A few years back I had the opportunity to drive—with, I am not ashamed to admit, really white knuckles—the Poison Spider Mesa trail in Moab, Utah. The good news for me was that I was behind the wheel of a Dodge Power Wagon. The not-so good news for me was that there was a sudden rainstorm that blew through, creating fast-moving creeks where there were none before and making the already challenging terrain slippery.
When faced with sketchy obstacles a spotter would get in front of the vehicle, just a few feet ahead, and I remember fearing that I’d hit the gas a bit too aggressively and the tires would grip and. . .
Jaguar Land Rover has developed a smartphone app that allows a driver to be outside of a vehicle and yet control it—steering, braking, accelerating.

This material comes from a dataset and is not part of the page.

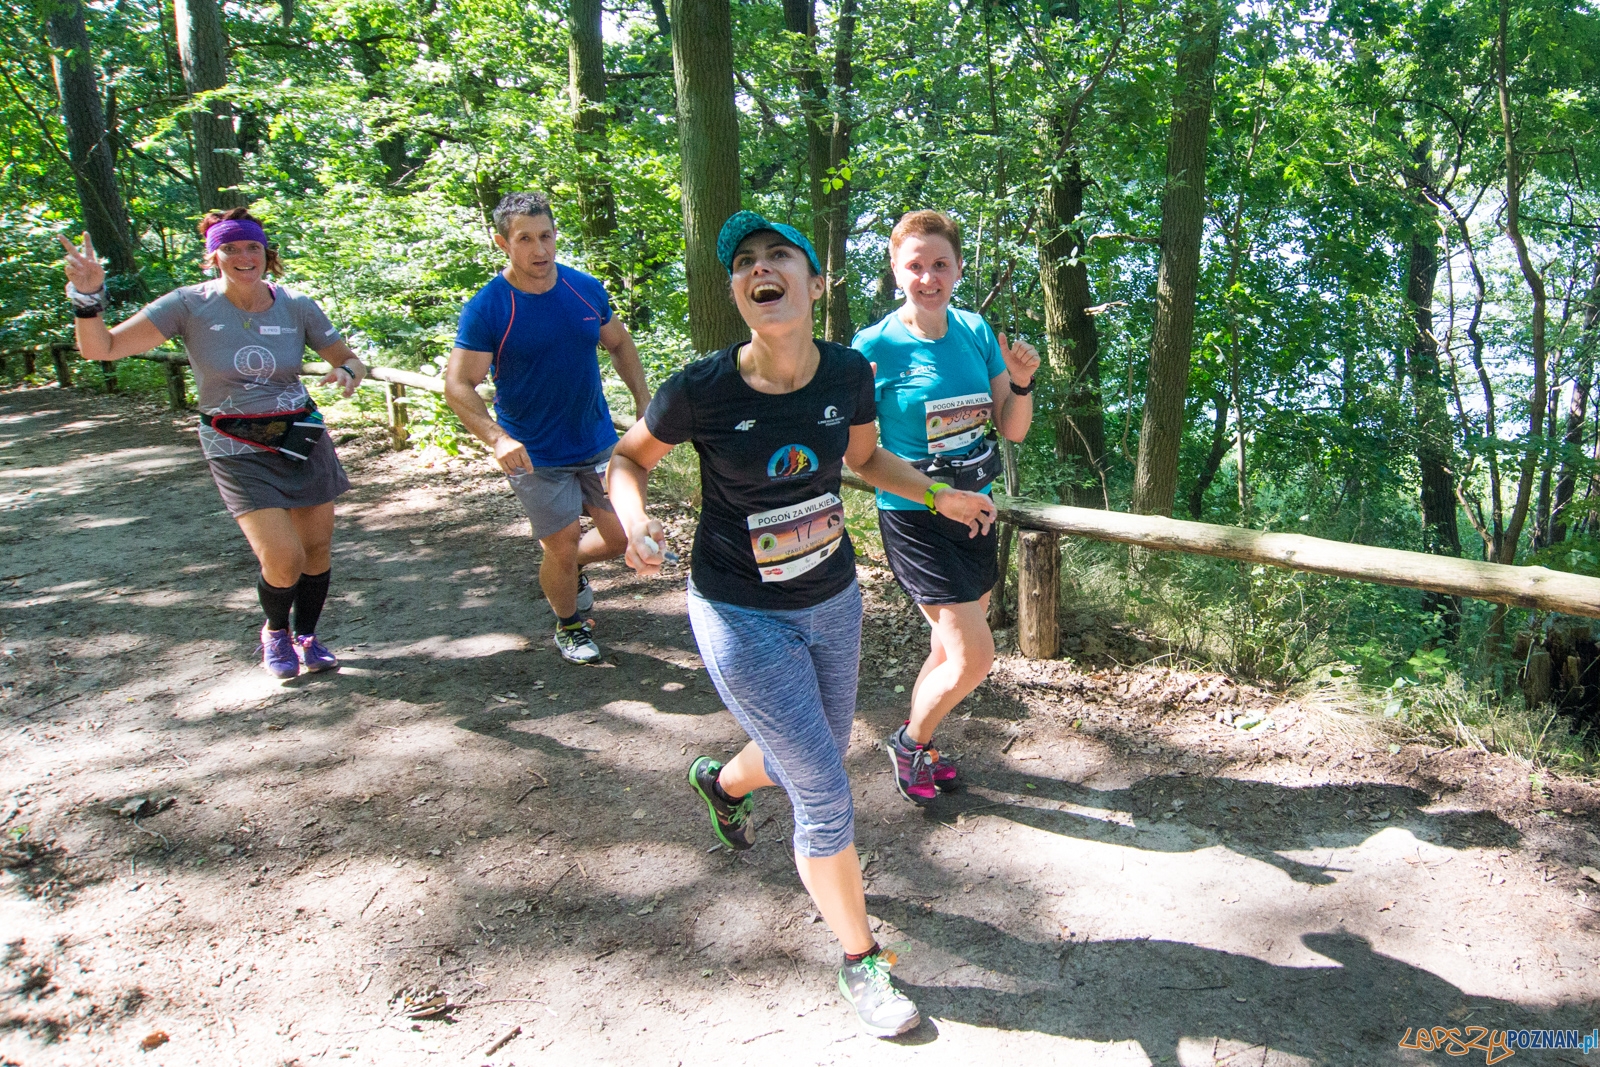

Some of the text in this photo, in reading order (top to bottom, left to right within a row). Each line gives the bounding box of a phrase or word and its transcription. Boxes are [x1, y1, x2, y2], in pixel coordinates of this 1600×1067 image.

Meaning that a driver could be the spotter.
Of course, this technology in the Remote Control Range Rover Sport research vehicle is more likely to end up in consumer vehicles used to maneuver into and out of parking spots at the local upscale mall than in some locale where mules and goats are more comfortable in.
But this is Land Rover, so they’ve got to be off-road capable.

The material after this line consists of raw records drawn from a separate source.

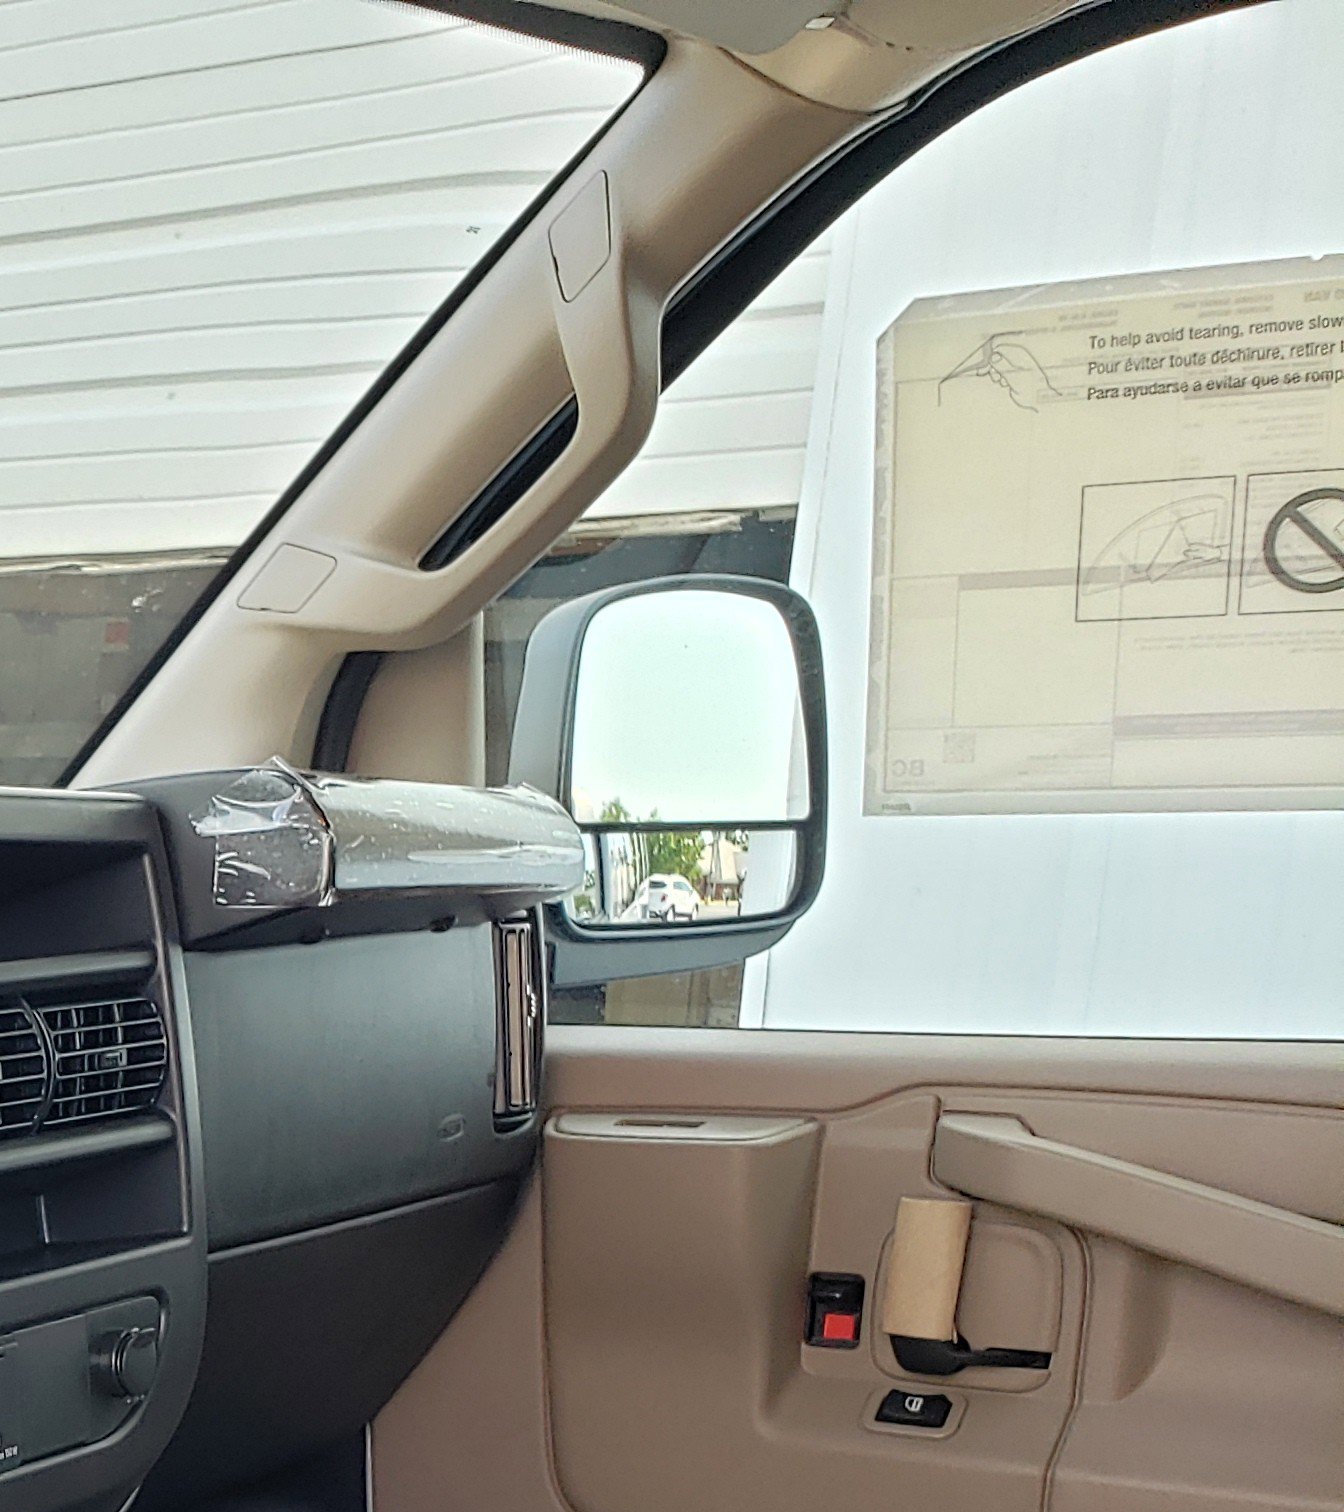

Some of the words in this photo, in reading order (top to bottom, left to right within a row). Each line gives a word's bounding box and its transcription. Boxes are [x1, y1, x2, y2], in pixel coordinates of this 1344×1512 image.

[1089, 335, 1106, 350] To
[1110, 332, 1141, 349] help
[1145, 327, 1184, 344] avoid
[1189, 323, 1244, 343] tearing,
[1249, 318, 1304, 335] remove
[1088, 360, 1120, 376] Pour
[1124, 355, 1165, 372] éviter
[1169, 351, 1206, 368] toute
[1211, 346, 1285, 366] déchirure,
[1290, 341, 1336, 358] retirer
[1087, 386, 1119, 401] Para
[1123, 380, 1189, 400] ayudarse
[1193, 380, 1202, 392] a
[1206, 374, 1246, 391] evitar
[1252, 374, 1279, 390] que
[1283, 372, 1301, 384] se
[1305, 368, 1344, 384] romp

It should be noted, this is still developmental. You can’t go to your local Land Rover dealership and select the “Remote Control option.” At least not yet.
According to Dr. Wolfgang Epple, Director of Research and Technology, Jaguar Land Rover, “Because our customers drive in all terrains and in all weathers, any future autonomous Jaguar or Land Rover must be as capable on rough tracks and unpaved roads as it would be on city streets.”
They’re working on creating a vehicle with sensor fusion—radar, LIDAR, cameras, ultrasonic, structured light—such that the result would be autonomous driving capability not dependent on lane markers and able to deal with prevailing weather conditions.
“Our research engineers have a nickname for a car with this level of capability,” Epple said. “The ‘Solo Car.’”
Presumably, a driver would have to be at least in it.